Frank talks with Sen. Paul Fogarty, D-Glocester, after Frank testifyied against the privatization of Zambarano-run group homes.
Journal photo/Mary Murphy

...THE NEW YEAR began without any response. ...Frank’s patience was gone.
...‘‘I am sorry to say that I have not received a letter, telephone call or any communication from the acting director on this matter,’’ he wrote to Governor Carcieri. ‘‘Her lack of responsiveness and continued delay in contacting me has resulted in my decision to seek closure on this matter by contacting other resources, as all efforts have been exhausted.’’
...Patients and relatives at the January 8 meeting of Zambarano’s Family Council were seething.
...‘‘Maybe she should be in a wheelchair for a week,’’ a relative said.
...‘‘She’s cold,’’ Frank said.
...‘‘She’s saving nickels and dimes on this and probably spending millions on some nincompoop project.’’
...Events accelerated after the meeting.
...In late January, two legislators whom Patients for Progress had enlisted in the campaign, Sen. Paul W. Fogarty and Rep. Edwin R. Pacheco, made a public plea to the acting director. ‘‘We appeal to you to expedite the process and approve the proposal for cable at Zambarano,’’ they said. ‘‘The patients have waited long enough.’’ Spangler maintained her silence.
...Other forces were at play.
...Realizing that the Senate almost certainly would not confirm Spangler, Carcieri decided to withdrawn her nomination. Meanwhile, news coverage of the cable issue moved an anonymous donor to contact, through her lawyer, officials at MHRH. The woman offered to pay for five years’ of cable service to Zambarano patients. Cox Communications agreed to absorb the installation costs.
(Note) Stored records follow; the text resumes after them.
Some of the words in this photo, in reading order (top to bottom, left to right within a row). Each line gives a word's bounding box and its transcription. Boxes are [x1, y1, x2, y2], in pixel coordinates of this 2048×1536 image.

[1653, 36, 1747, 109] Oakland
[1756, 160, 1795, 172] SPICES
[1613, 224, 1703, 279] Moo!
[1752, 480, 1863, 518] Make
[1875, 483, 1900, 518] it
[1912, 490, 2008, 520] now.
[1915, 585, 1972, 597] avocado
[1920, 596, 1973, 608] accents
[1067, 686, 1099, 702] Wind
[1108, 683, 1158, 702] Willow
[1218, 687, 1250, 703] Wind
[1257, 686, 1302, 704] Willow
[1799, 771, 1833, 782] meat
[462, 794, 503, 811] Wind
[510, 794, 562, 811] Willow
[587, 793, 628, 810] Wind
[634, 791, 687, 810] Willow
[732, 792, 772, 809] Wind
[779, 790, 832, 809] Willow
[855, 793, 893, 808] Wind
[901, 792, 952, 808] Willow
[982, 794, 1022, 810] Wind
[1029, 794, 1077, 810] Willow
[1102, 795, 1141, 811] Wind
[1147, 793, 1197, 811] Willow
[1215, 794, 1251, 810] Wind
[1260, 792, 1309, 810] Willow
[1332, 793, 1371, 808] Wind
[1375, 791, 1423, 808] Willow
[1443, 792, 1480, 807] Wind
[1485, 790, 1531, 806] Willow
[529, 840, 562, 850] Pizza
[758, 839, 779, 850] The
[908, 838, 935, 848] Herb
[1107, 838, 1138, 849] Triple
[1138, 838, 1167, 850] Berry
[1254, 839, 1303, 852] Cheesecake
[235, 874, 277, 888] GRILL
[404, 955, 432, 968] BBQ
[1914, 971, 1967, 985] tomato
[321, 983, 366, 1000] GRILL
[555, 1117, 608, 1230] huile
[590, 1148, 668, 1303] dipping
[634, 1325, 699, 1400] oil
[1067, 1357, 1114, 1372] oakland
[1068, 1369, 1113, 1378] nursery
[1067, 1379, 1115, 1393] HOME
Governor Carcieri congratulates Frank in July after Patients for Progress won in its battle to get cable TV in the residents’ rooms.
Journal photo/Mary Murphy

...IN MARCH, House and Senate committees heard testimony on proposed cuts at MHRH. To save $800,000, the budget that Spangler submitted would shift control of four group homes operated by Zambarano staff to the private sector.
...The move would not affect Frank, but he empathized with the residents: replacing longtime staff with newcomers would be profoundly disruptive, he believed. So twice in one week, he traveled to the State House to testify. He spoke of the disruptions of his youth, when he was moved from orphanage to orphanage to foster home. ‘‘I would love to see you in my shoes — pushed around like that,’’ he told legislators.
...And by the way, he said, if money was so tight, why didn’t the governor forgo his salary? After all, he was a millionaire.
...Two weeks later, Frank was back at the State House to celebrate Zambarano Day, which he’d helped found. Resolutions honoring Patients for Progress were introduced in the Senate and House, and Sen. Fogarty proclaimed Frank the ‘‘honorary 39th senator.’’ Frank toured the State Reception Room, adjacent to the governor’s office. When Carcieri learned Frank was there, he came out to say hello.
...They talked and then Carcieri invited him into his office. Frank had given Carcieri one of his paintings two years before, and the governor had framed it and hung it on his wall.
...‘‘I keep thinking someday I want to get myself a sailboat like that,’’ the governor said.
...Frank had something else on his mind: the MHRH budget, which would curtail the very art program at Zambarano where he learned to paint. Frank said that cut, along with others, was ill-advised.
...‘‘First I’ve heard of that,’’ Carcieri said. ‘‘We’ll find out.’’
...After the visit, Frank was asked if the painting on Carcieri’s wall was the original.
...‘‘I told him it was!’’ Frank said.
...He laughed. Politicians weren’t always straightforward, so why not a harmless fib for one of them?
...In truth, the governor’s painting was a print.

...AS HE NEARED 80, Frank had created a legacy. He had been true to Sister Rita Marie’s admonition of almost seventy years: You know, Francis, you’ll always be rewarded one way or another by helping people out.
...But Frank did not consider himself heroic.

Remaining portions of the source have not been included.